What you will do: Images excluded, reproduce each line of the records exactly as it stands.
###
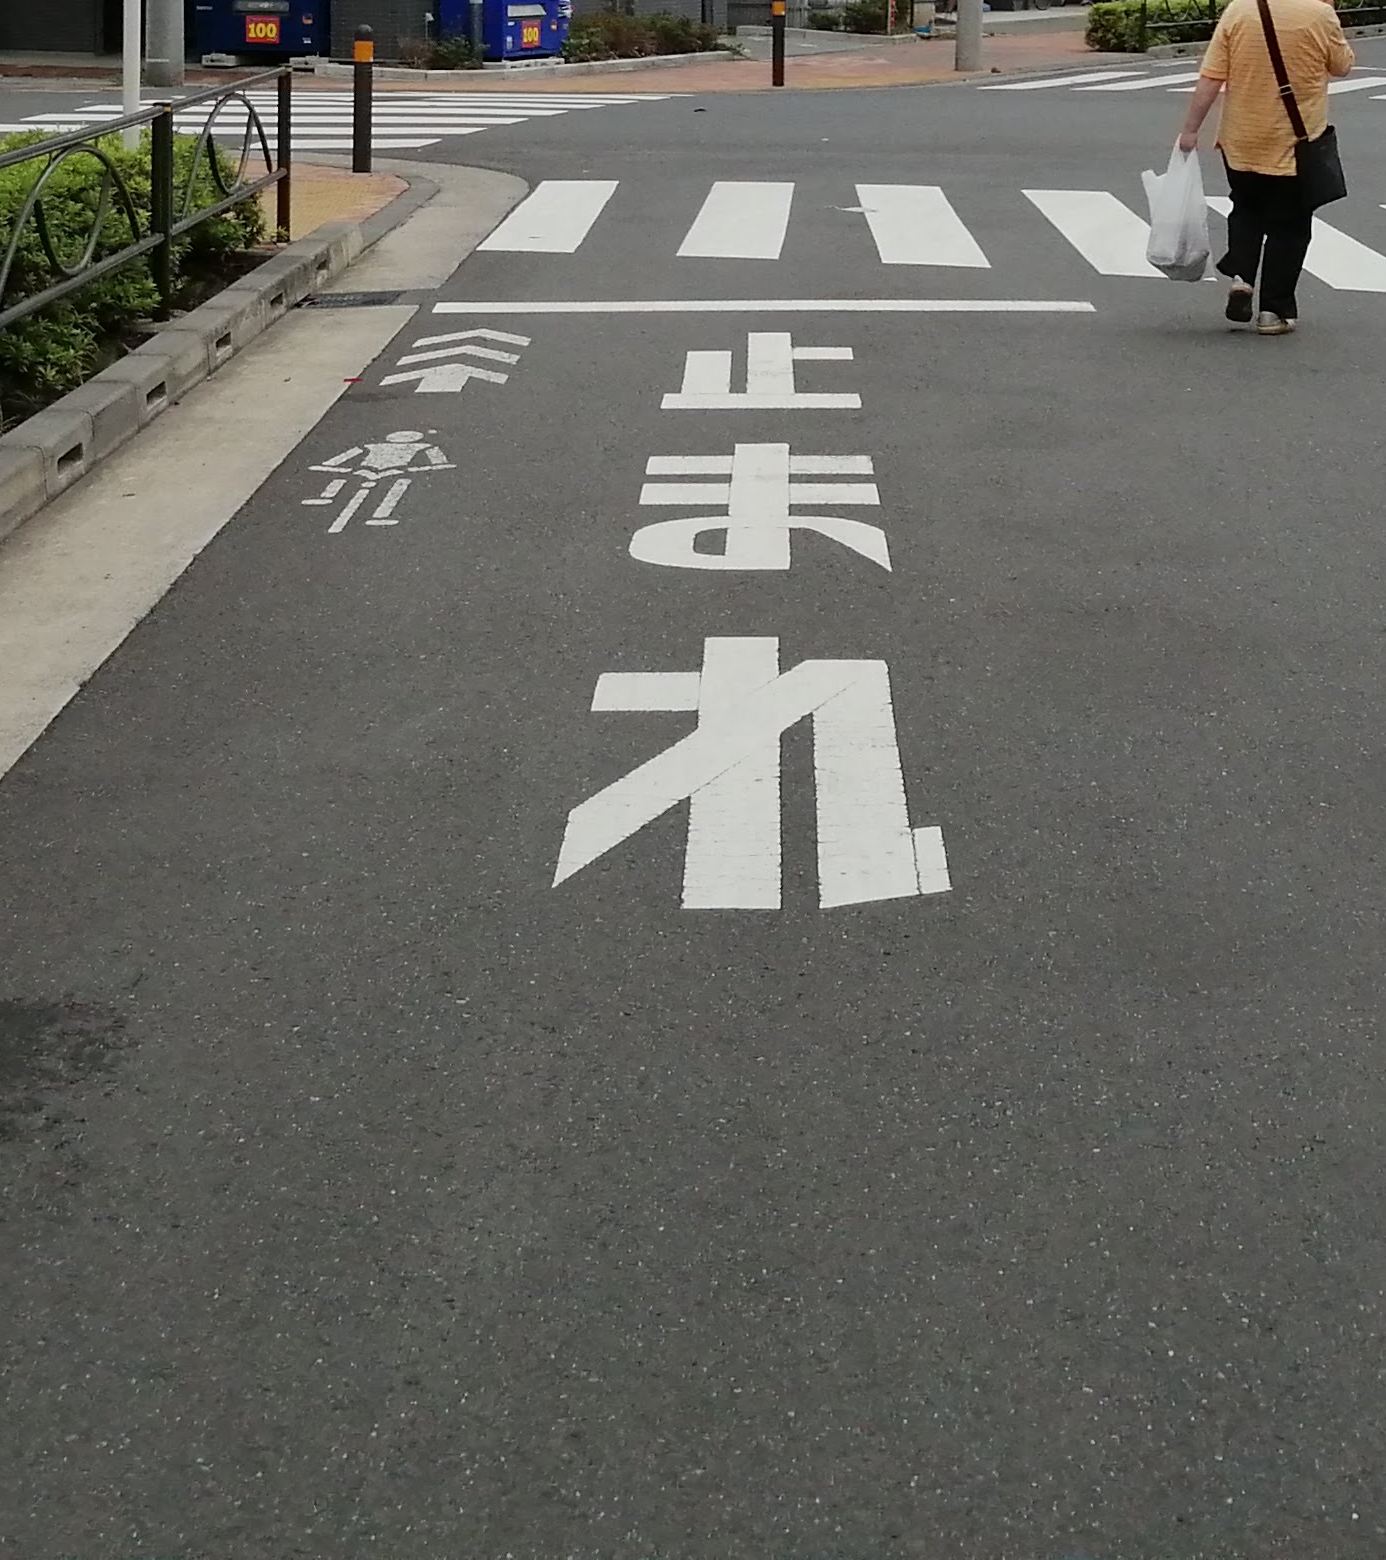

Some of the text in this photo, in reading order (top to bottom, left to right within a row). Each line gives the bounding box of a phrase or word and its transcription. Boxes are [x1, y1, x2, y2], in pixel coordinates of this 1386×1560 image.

[248, 23, 278, 38] 100
[522, 27, 539, 42] 100
[552, 332, 953, 910] 止まれ
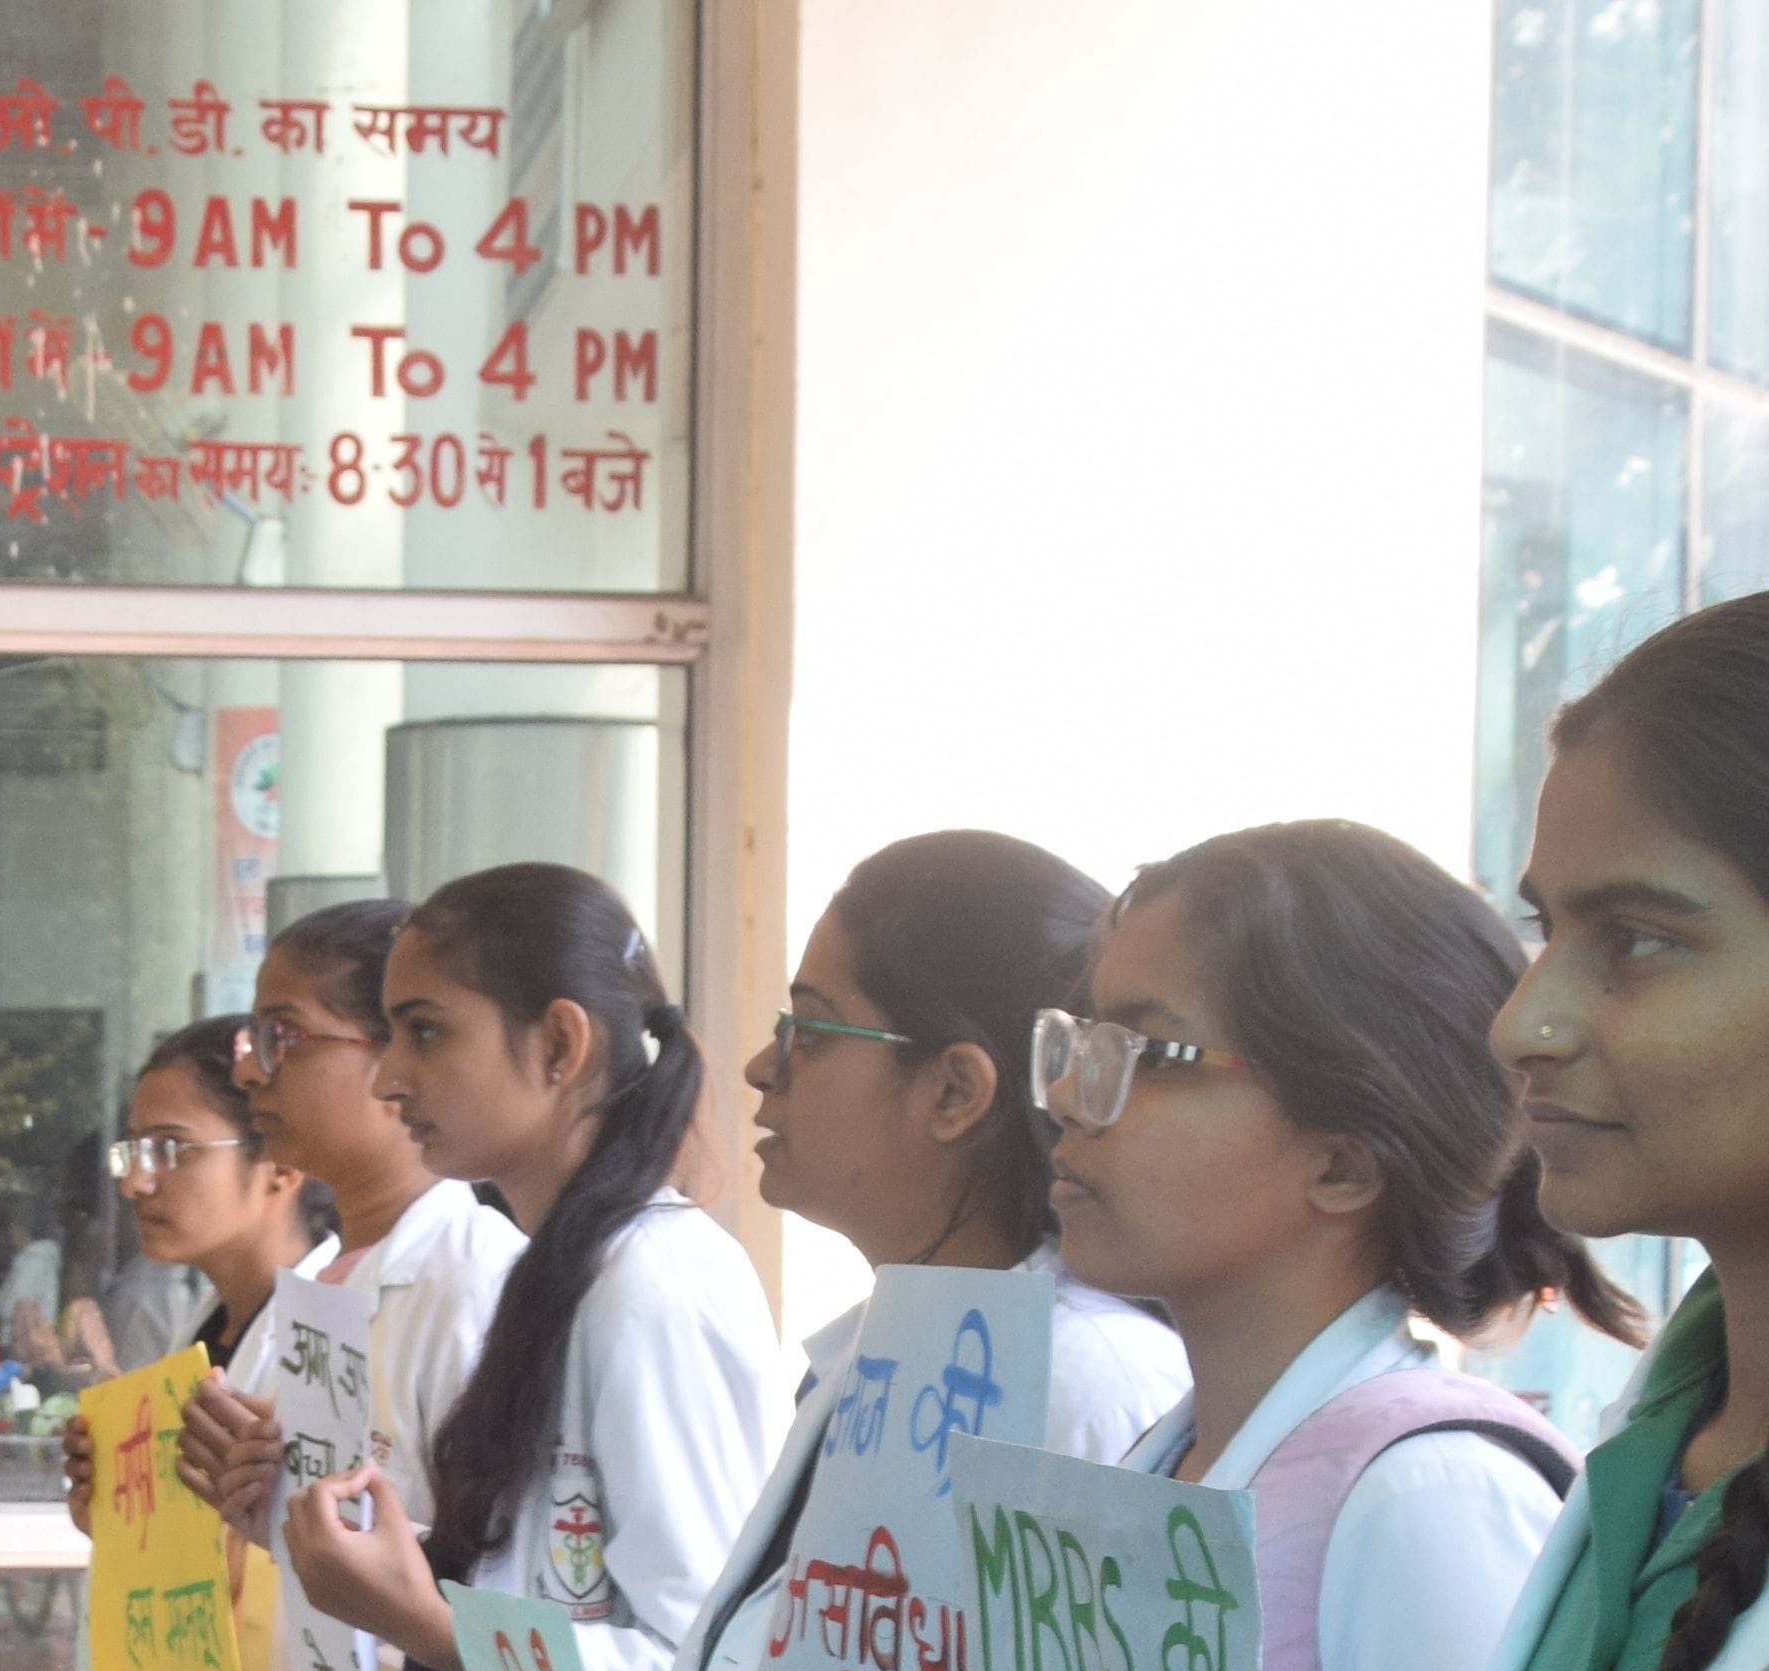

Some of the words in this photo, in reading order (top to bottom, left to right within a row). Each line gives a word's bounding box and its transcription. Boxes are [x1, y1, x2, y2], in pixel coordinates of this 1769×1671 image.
###
Answer for the task:
Some of the text in this photo, in reading order (top to bottom, left to right within a row). Each line gives the bounding box of a phrase or word and its transcription. Boxes are [x1, y1, x2, y2], in pixel coordinates of this 1386×1560 image.

[248, 23, 278, 38] 100
[522, 27, 539, 42] 100
[552, 332, 953, 910] 止まれ

Some of the words in this photo, in reading order (top to bottom, left to right within a row). Each line gives a word's bounding box and its transcription. Boxes are [x1, y1, x2, y2], in pixel coordinates of this 1769×1671 image.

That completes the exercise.